SAN ANTONIO — Vaccines and religious exemptions are nothing new, but the coronavirus pandemic has prompted a series of new questions surrounding employer-mandated shots.
“In a sense, we are in uncharted territories,” said Bill Piatt, law professor at St. Mary’s University.
The Biden administration has mandated all federal employees to get fully vaccinated by the end of November.
Various private employers have opted in to require vaccinations as well, including Baptist Health System.
A hospital spokesperson emailed KENS 5 this statement:
Baptist Health System continues its 118-year tradition as a faith-based healthcare organization in San Antonio, and as the city’s fourth largest civilian employer, our system respects the religious beliefs and customs of its patients, employees and the community. In regards to the COVID vaccine and its employees, Baptist Health System will consider any employee’s request for exemption, whether for medical or religious reasons, and assess on a case-by-case basis. As with all protocols and decision making, Baptist Health System considers the safety of its patients, employees and community as its highest priority.
Piatt noted employers must consider proposed religious and medical objections from employees under the Equal Employment Opportunity and Americans with Disabilities Acts.
“The employer or the government is going to be in the situation of trying to determine the validity of the beliefs or the sincerity of the beliefs,” Piatt said.
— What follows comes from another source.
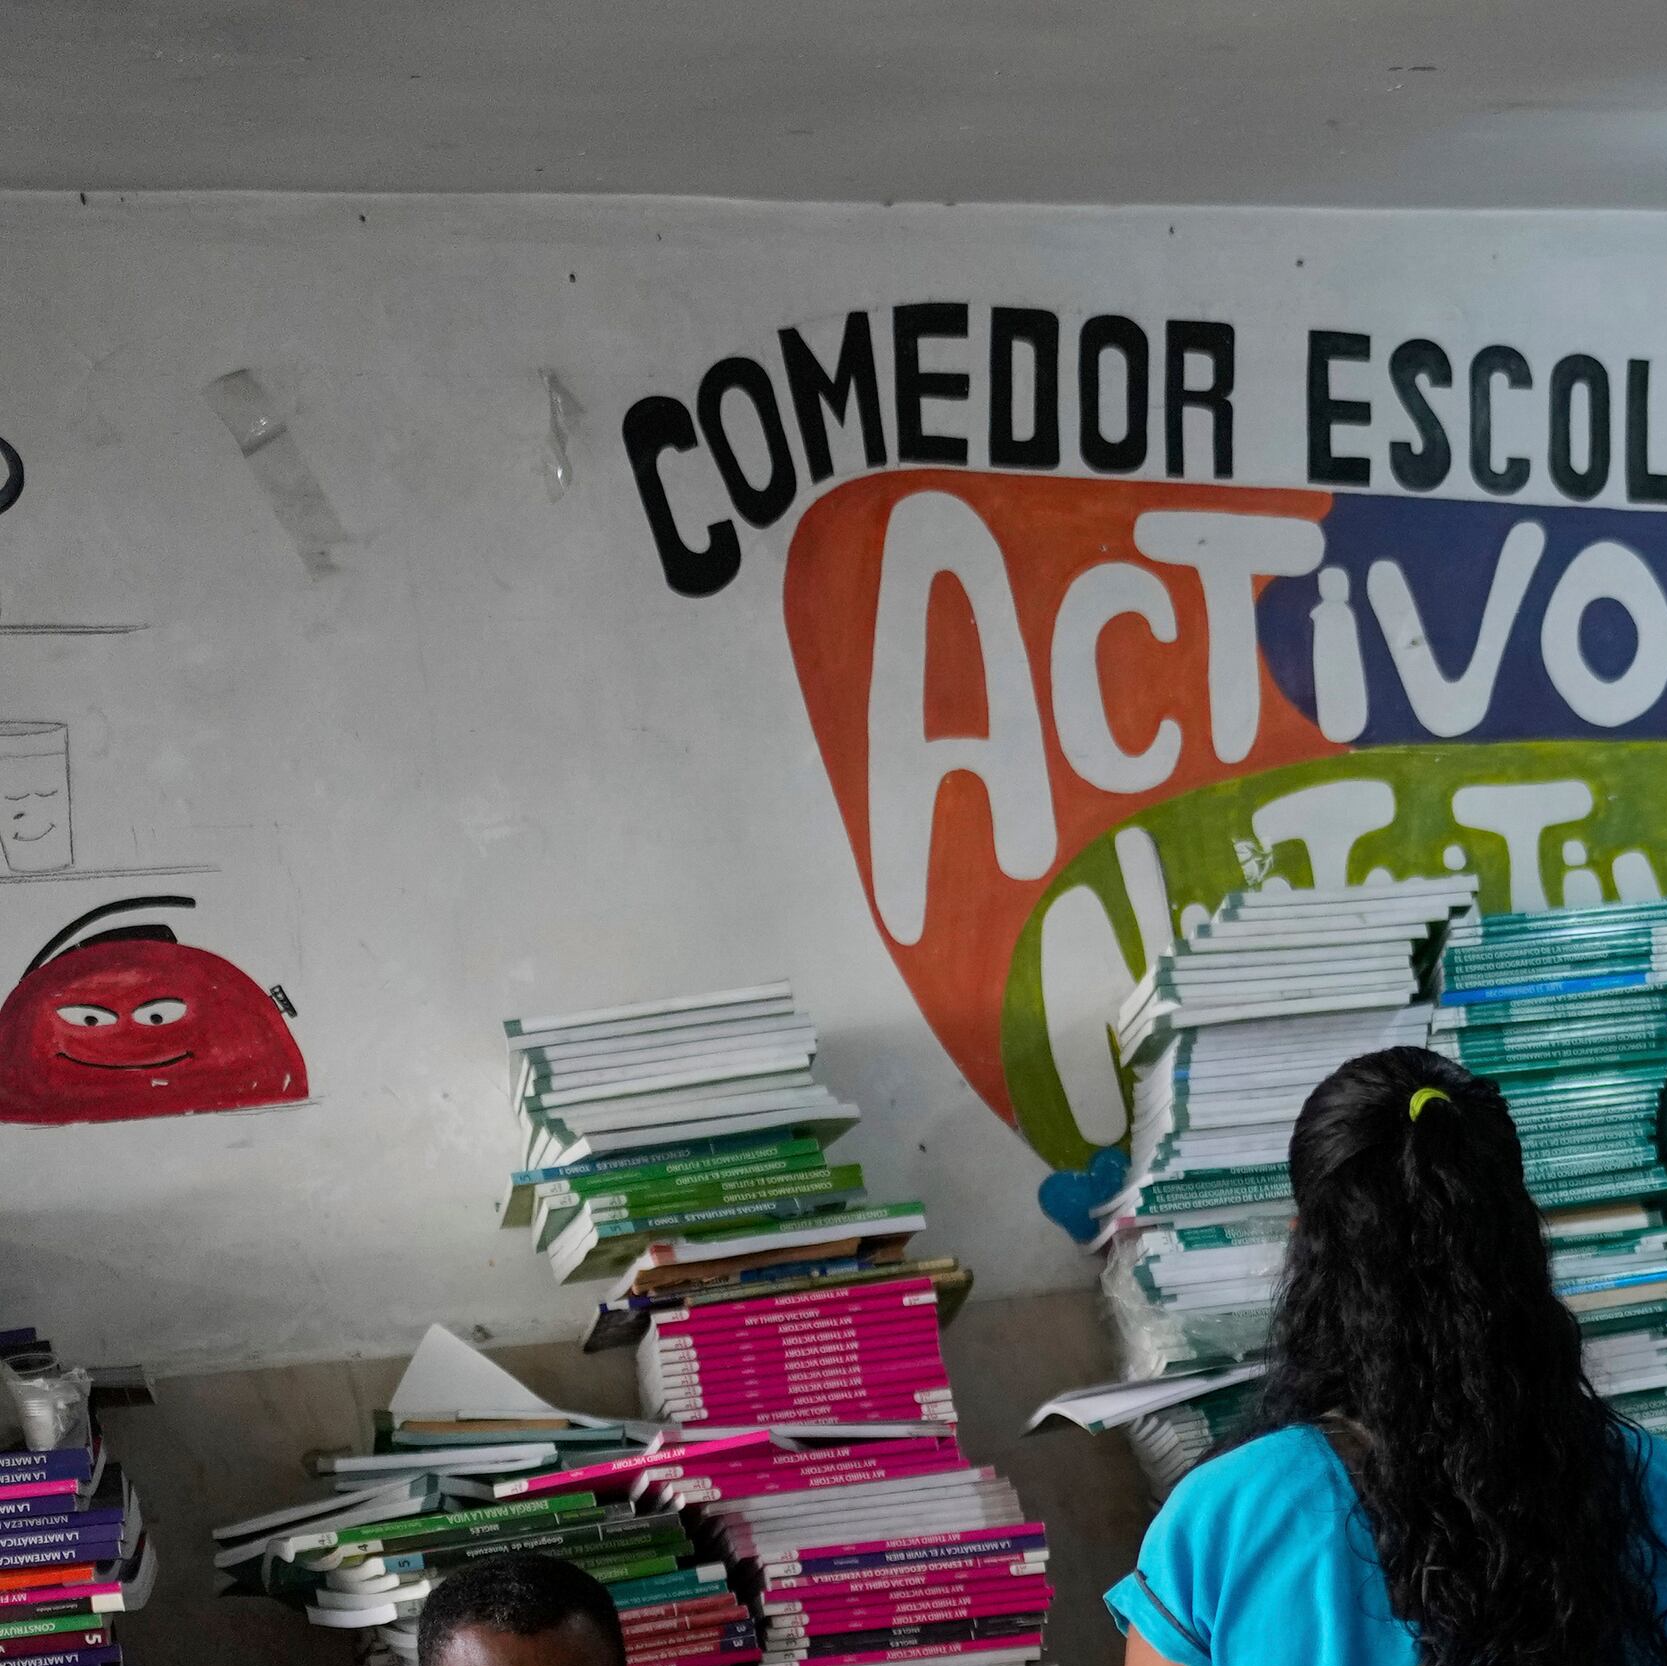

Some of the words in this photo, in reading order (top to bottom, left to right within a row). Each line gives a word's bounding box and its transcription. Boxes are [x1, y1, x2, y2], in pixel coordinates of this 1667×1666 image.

Employers can weigh religious concerns on a variety of factors, which includes the safety of others due to the high-risk nature of the pandemic.
“There might be a circumstance for example where an employer couldn’t accommodate a non-vaxxed person in an emergency room, where the person is going to have to have close contact. Then the employer might be able to say look we can’t accommodate your religious exemption, you’re going to have to get the vaccination,” Piatt said.
Texas Values is an Austin-based organization that advocates on behalf of faith and freedom through public policy advocacy.
The group’s policy director, Jonathan Covey, expressed opposition to the idea of Texans contending with vaccines and employment.
“No one should be forced into healthcare decisions against their religious or moral objections. We do not know the long-term or short-term effects of the COVID shot, and people must not be forced to choose between living by their conscience and their job.”
Piatt believes the topic of religious exemptions and the coronavirus shot will eventually lead to changing legislation surrounding employer-mandated vaccines.
“We can rely on precedent in other circumstances and we can draw on old precedent but the new issues created by this pandemic are going to require legislative and judicial approaches that are new.”